La elección de los combonianos

Y así, al final del curso escolar de 1943, Alberto tomó la pluma en la mano y escribió a los superiores de los combonianos de Verona: “El infrascrito Alberto Buffoni, alumno del seminario de Bérgamo, promovido al tercer curso de bachillerato, con el consentimiento del director espiritual, del párroco, del rector y de sus padres, presenta humildemente su solicitud de admisión en este instituto misionero…”.

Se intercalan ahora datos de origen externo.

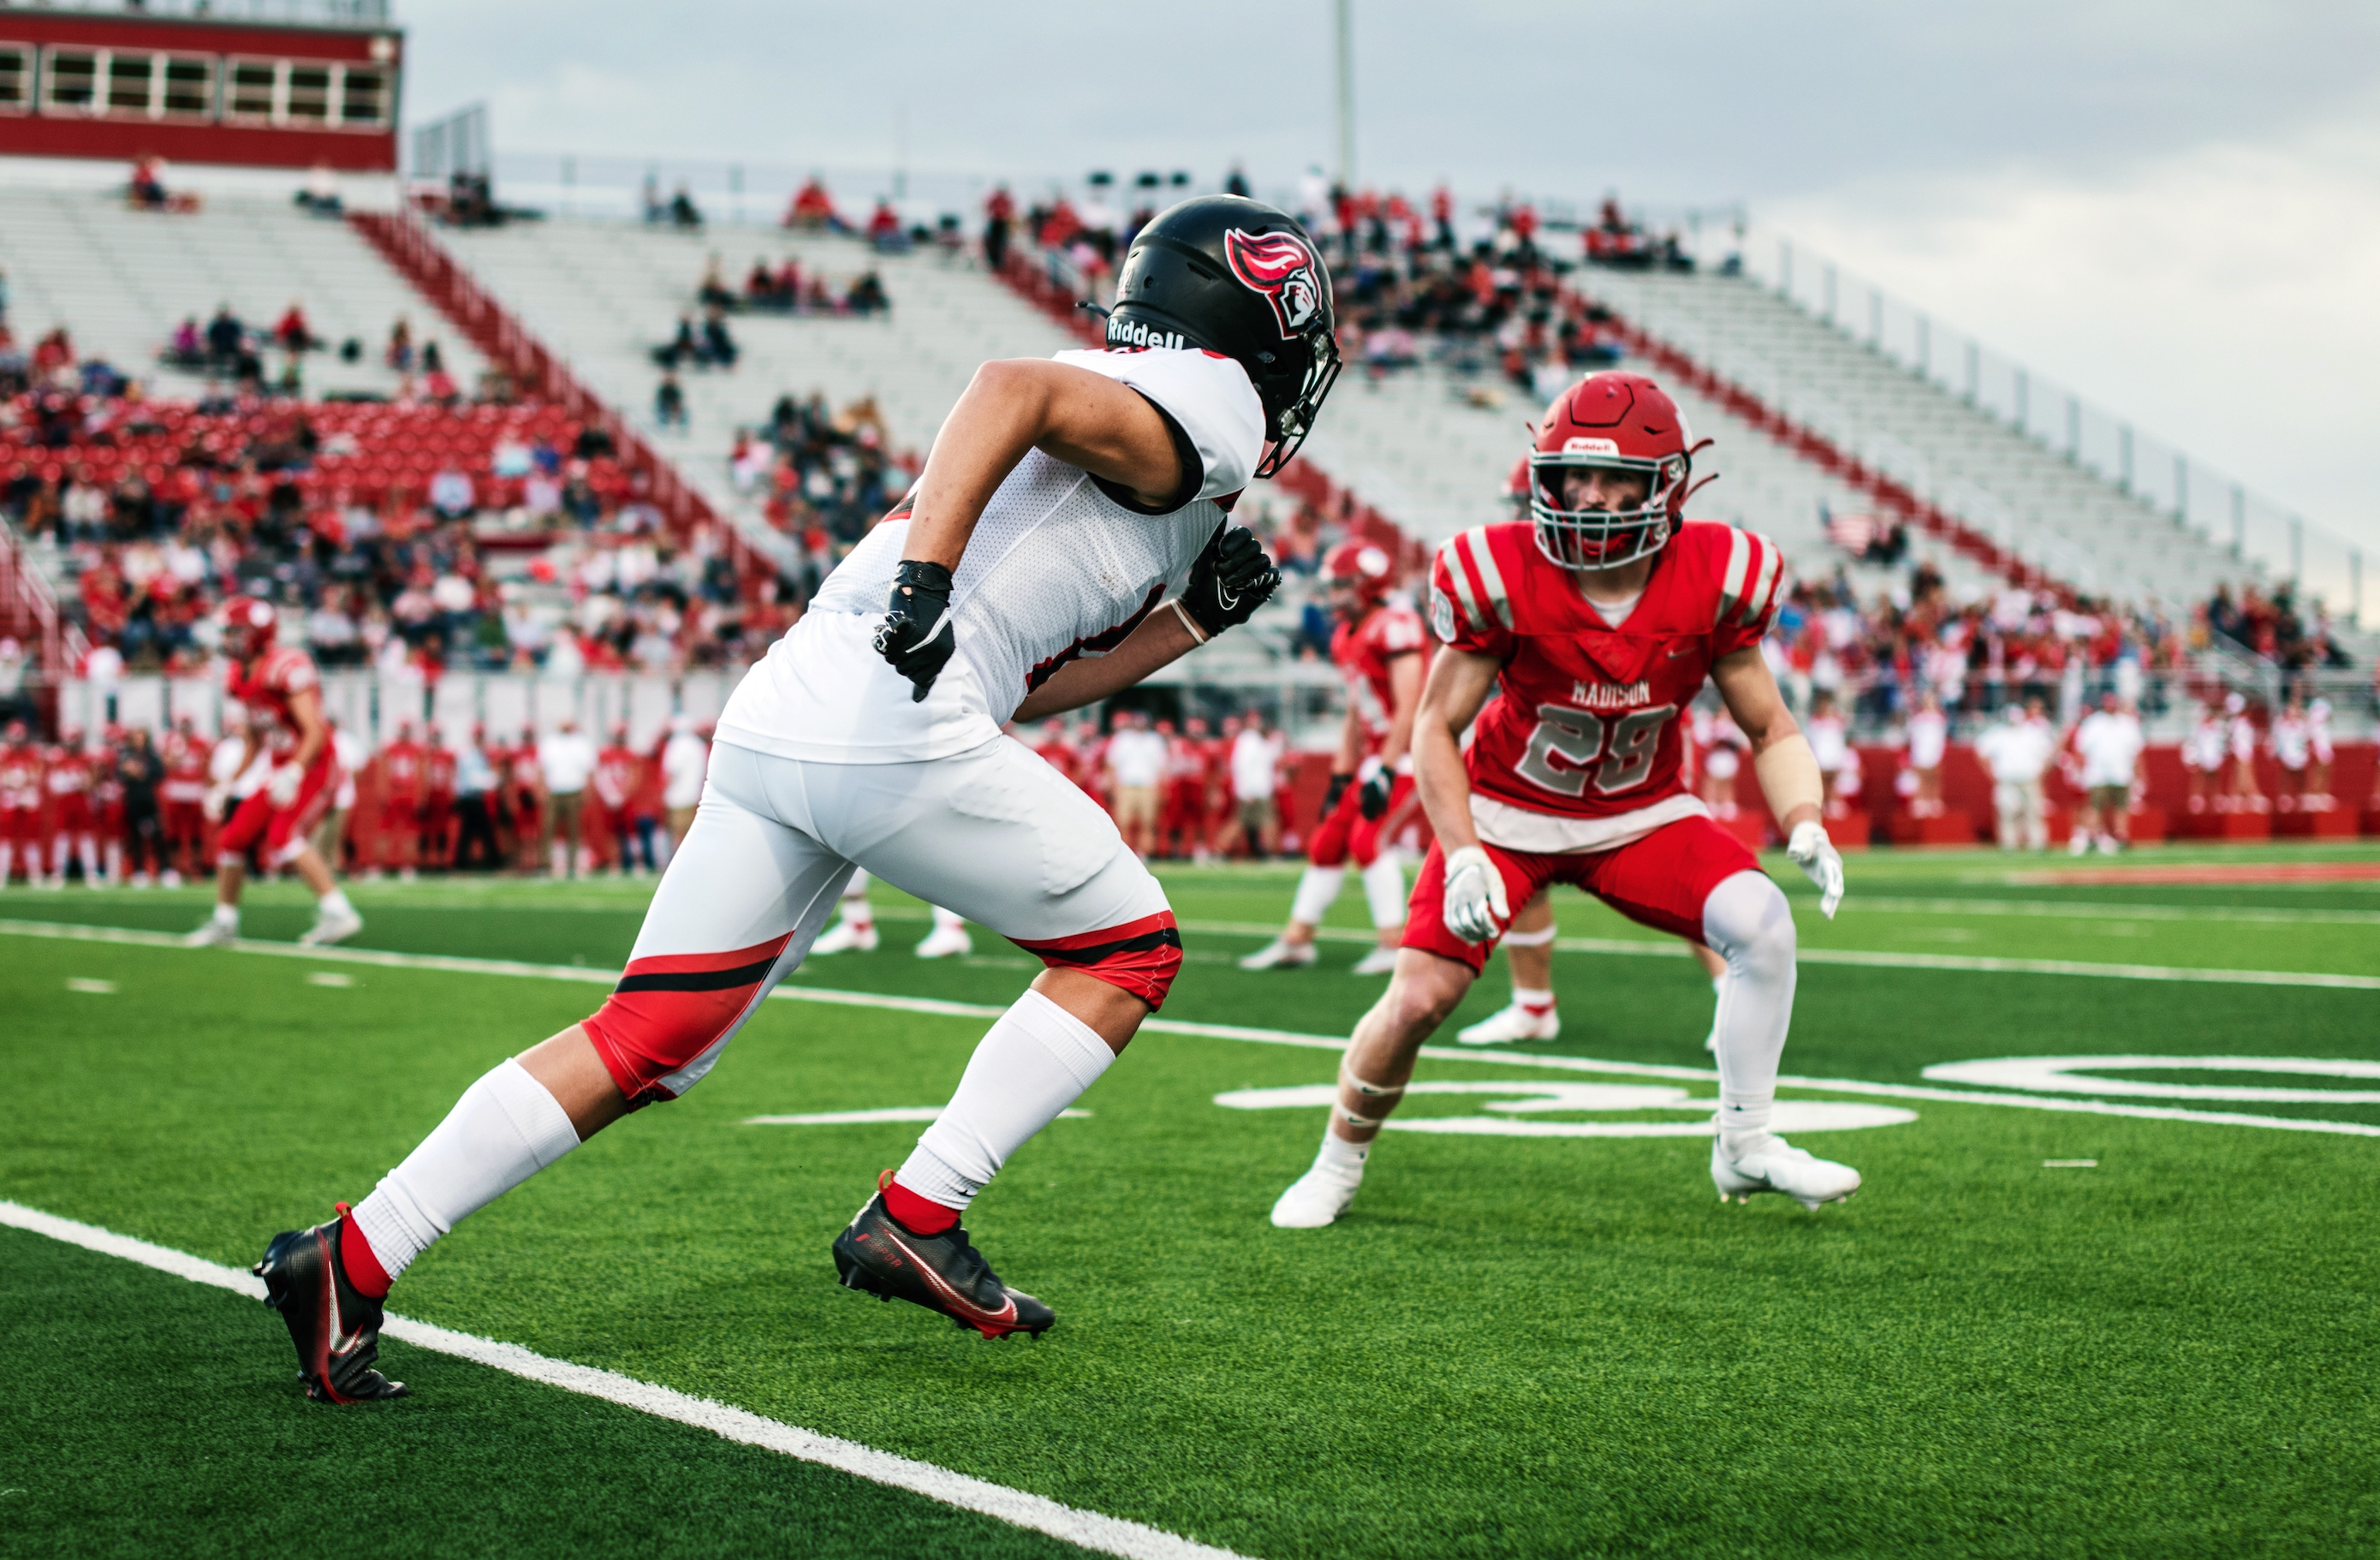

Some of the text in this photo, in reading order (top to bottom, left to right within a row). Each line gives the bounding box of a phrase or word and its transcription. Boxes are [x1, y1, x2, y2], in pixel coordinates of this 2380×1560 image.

[1108, 318, 1184, 350] Riddell
[1571, 443, 1610, 451] Riddell
[1572, 680, 1650, 707] MADISON

La madre, al estar el padre en el extranjero por motivos de trabajo, expresó su consentimiento en una carta fechada el 6 de septiembre de 1943. “Con el consentimiento también de mi marido actualmente en el extranjero, permito libremente que dicho hijo ingrese en este Instituto”. No hace falta añadir que tanto el párroco como el rector dieron la mejor información. El párroco aseguró que “desde hace tiempo ya sentía la vocación por las misiones extranjeras y, tras una prolongada y madura reflexión, se decidió a dar el paso”.

En el seminario menor de Clusone, en Bérgamo, Alberto encontró el libro “Tratado de la verdadera devoción a la Virgen” de la beata María Grignon de Montfort. Esa lectura-meditación sentó las bases de una sólida devoción a la Madre de Dios, que mantuvo y aumentó a lo largo de su vida. Una muestra de esta devoción es también lo que ocurrió cuando murió su madre: quiso que todos los miembros de la familia que se encontraban en la habitación donde yacía la difunta cantaran con él el Magnificat, y como sacerdote se le veía siempre con el rosario en la mano.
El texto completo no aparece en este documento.